WORKING DATA: Begin
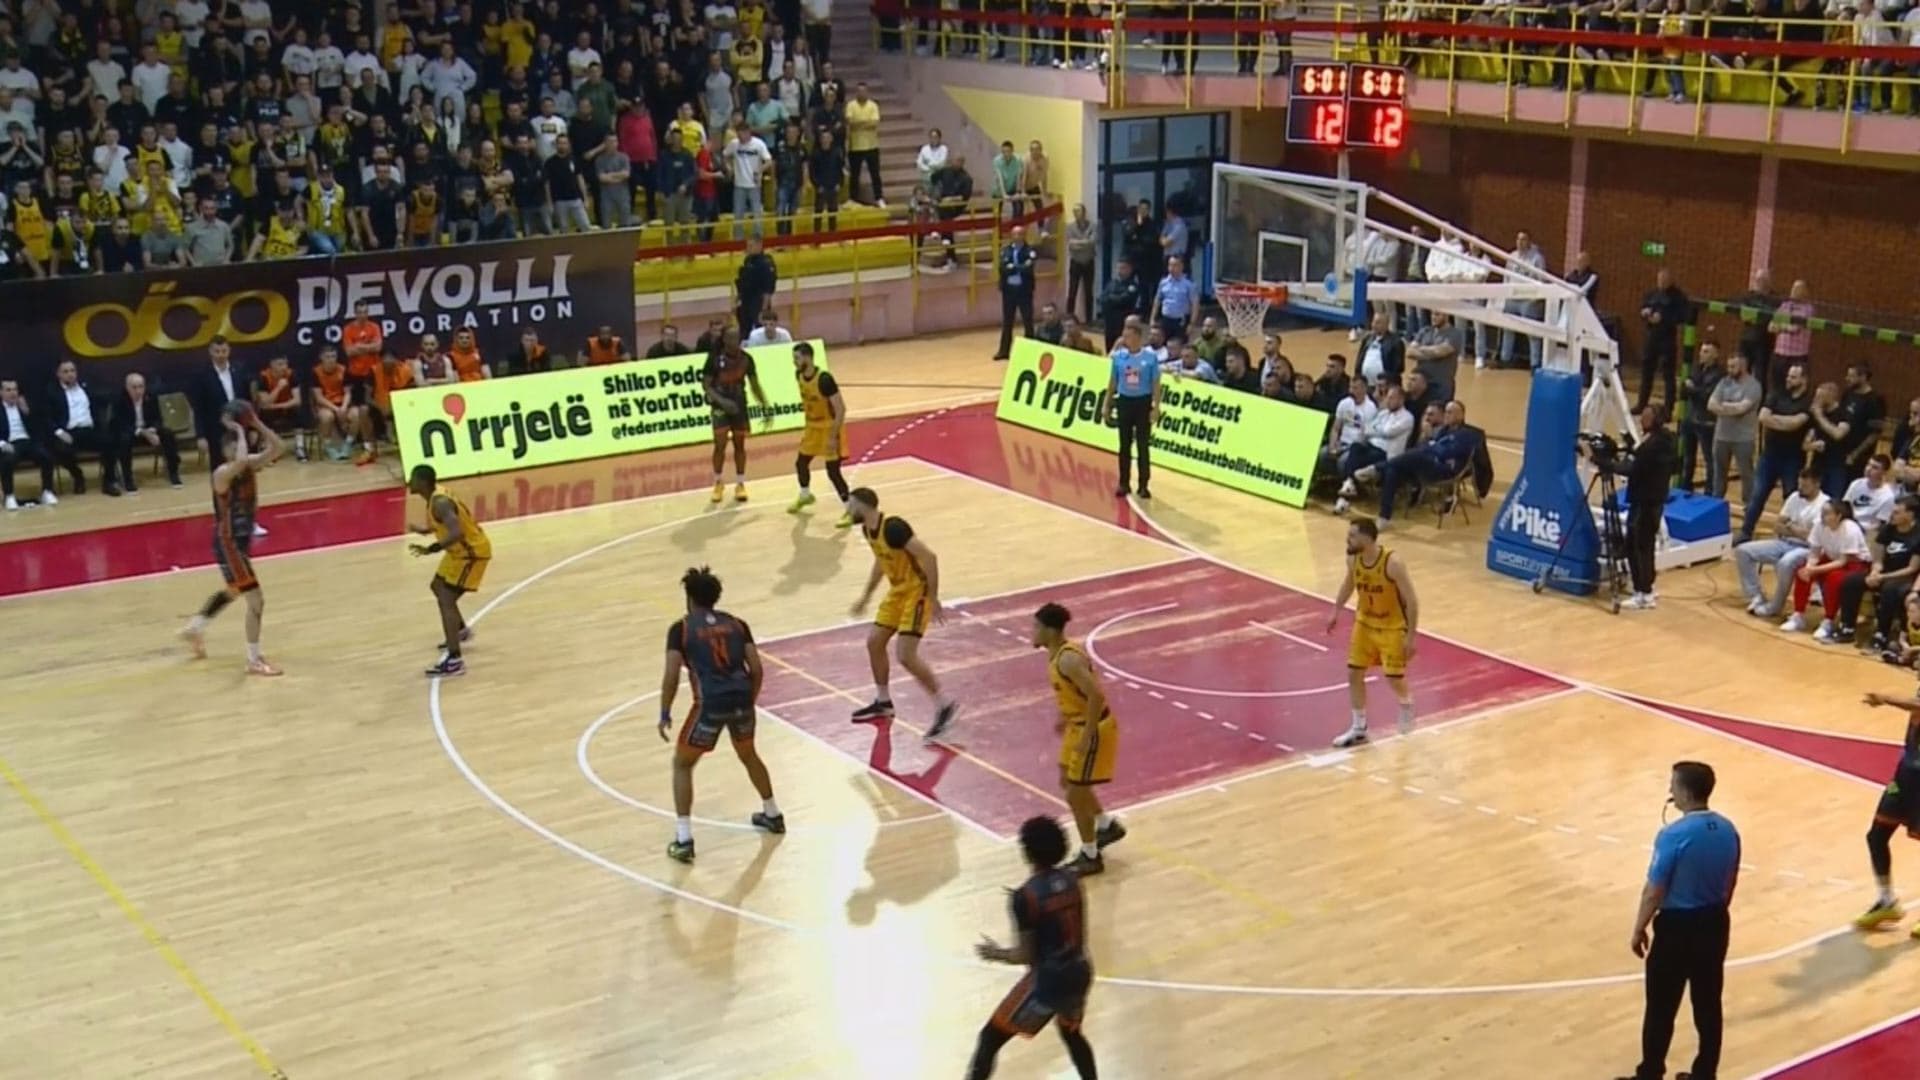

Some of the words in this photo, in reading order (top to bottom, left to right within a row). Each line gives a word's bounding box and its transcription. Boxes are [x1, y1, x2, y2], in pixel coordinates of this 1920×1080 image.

[1303, 67, 1347, 94] 6:01
[1362, 69, 1406, 97] 6:01
[1315, 103, 1344, 145] 12
[1373, 106, 1403, 148] 12
[297, 254, 573, 323] DEVOLLI
[297, 300, 574, 345] COPORATION
[603, 375, 656, 395] Shiko
[658, 366, 705, 386] Podc
[608, 400, 631, 419] në
[635, 390, 711, 416] YouTub
[1181, 391, 1242, 424] Podcast
[1511, 502, 1561, 542] Pikë
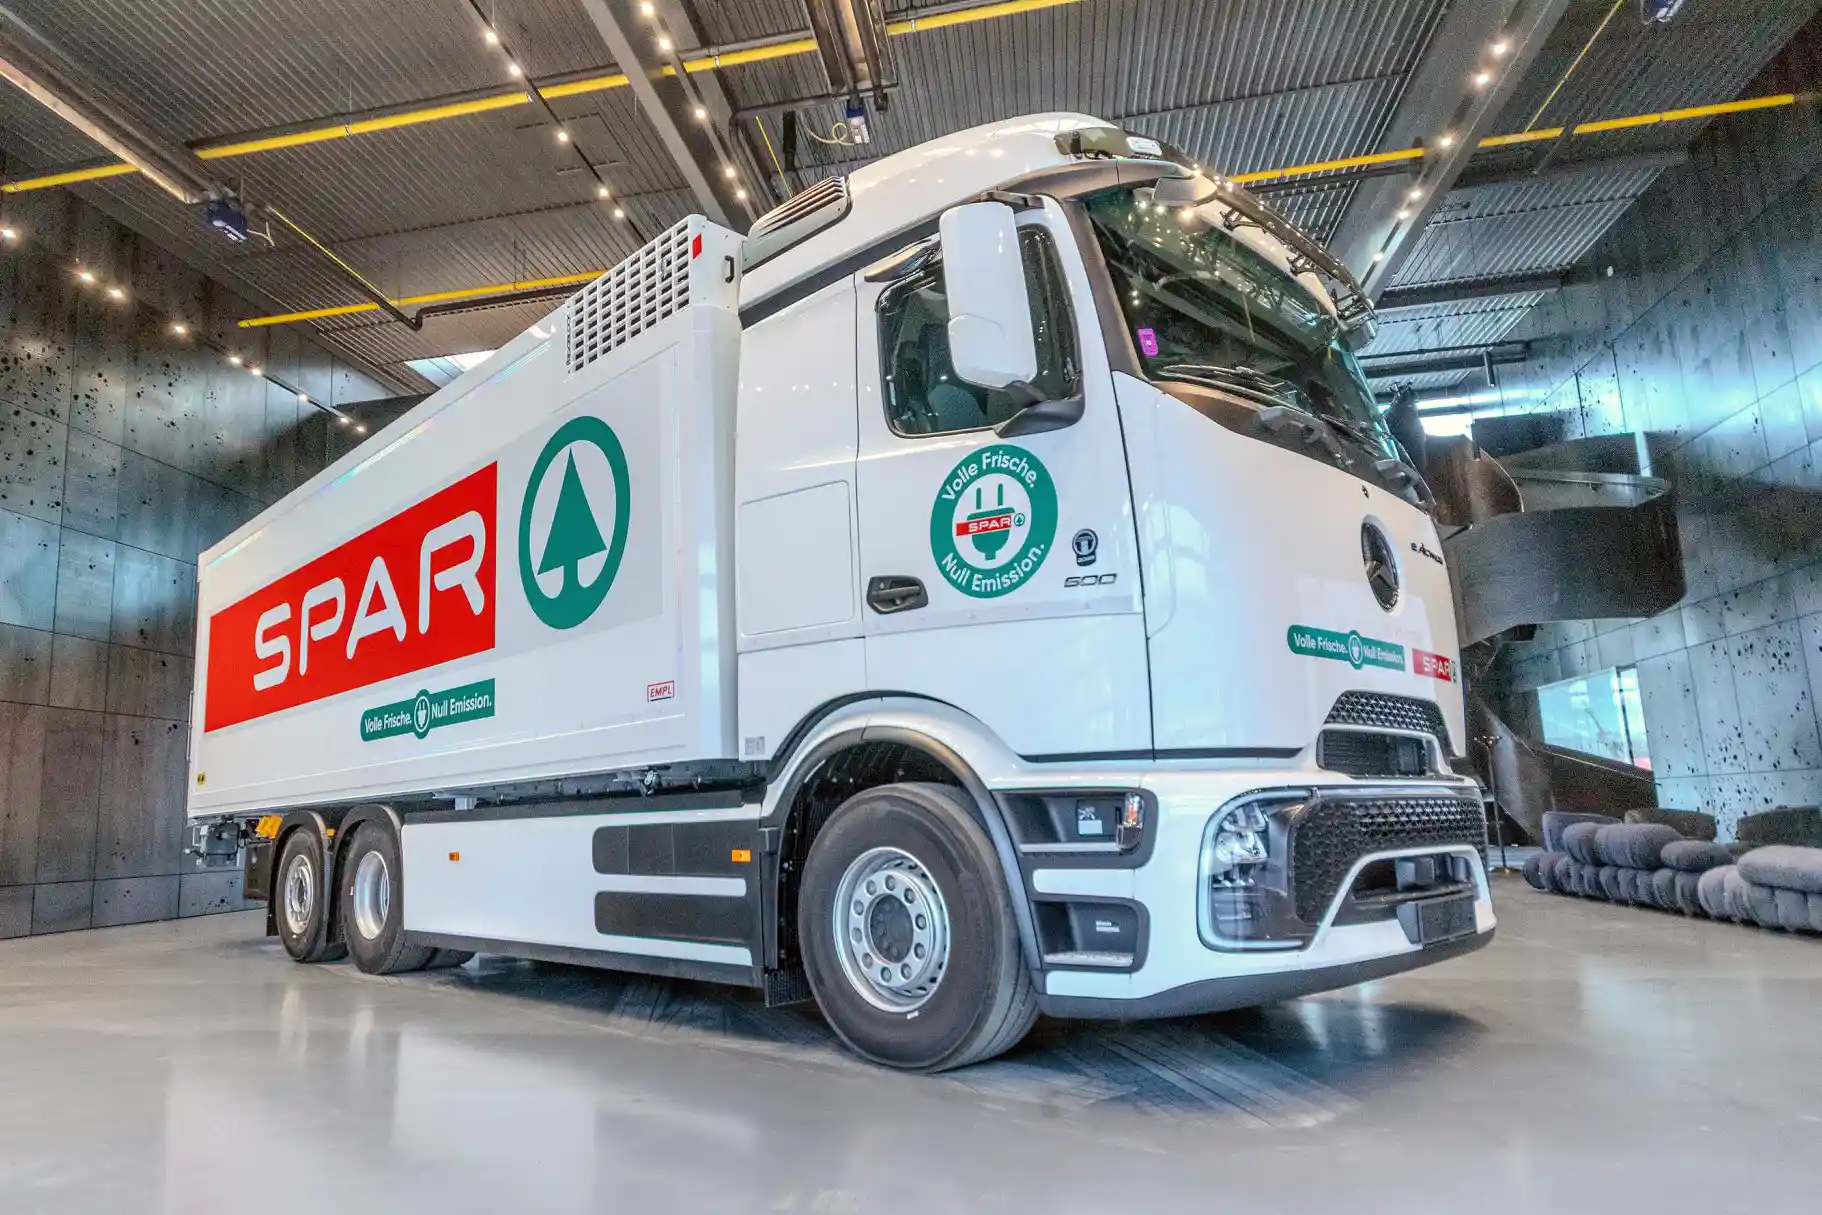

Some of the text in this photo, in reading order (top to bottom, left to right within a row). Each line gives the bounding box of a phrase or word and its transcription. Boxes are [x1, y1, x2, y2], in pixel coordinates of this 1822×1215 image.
WORKING DATA: End
**WHAT IS NEEDED**
Without including any picture, write out the material above exactly.

**WRITTEN SOLUTION**
Some of the words in this photo, in reading order (top to bottom, left to right within a row). Each line gives a word's bounding box and its transcription. Boxes are [x1, y1, x2, y2], in pixel coordinates of this 1920×1080 image.

[1303, 67, 1347, 94] 6:01
[1362, 69, 1406, 97] 6:01
[1315, 103, 1344, 145] 12
[1373, 106, 1403, 148] 12
[297, 254, 573, 323] DEVOLLI
[297, 300, 574, 345] COPORATION
[603, 375, 656, 395] Shiko
[658, 366, 705, 386] Podc
[608, 400, 631, 419] në
[635, 390, 711, 416] YouTub
[1181, 391, 1242, 424] Podcast
[1511, 502, 1561, 542] Pikë

Some of the text in this photo, in reading order (top to bottom, left to right within a row). Each line gives the bounding box of a phrase or word and its transcription. Boxes are [x1, y1, x2, y2], in pixel coordinates of this 1822×1215 image.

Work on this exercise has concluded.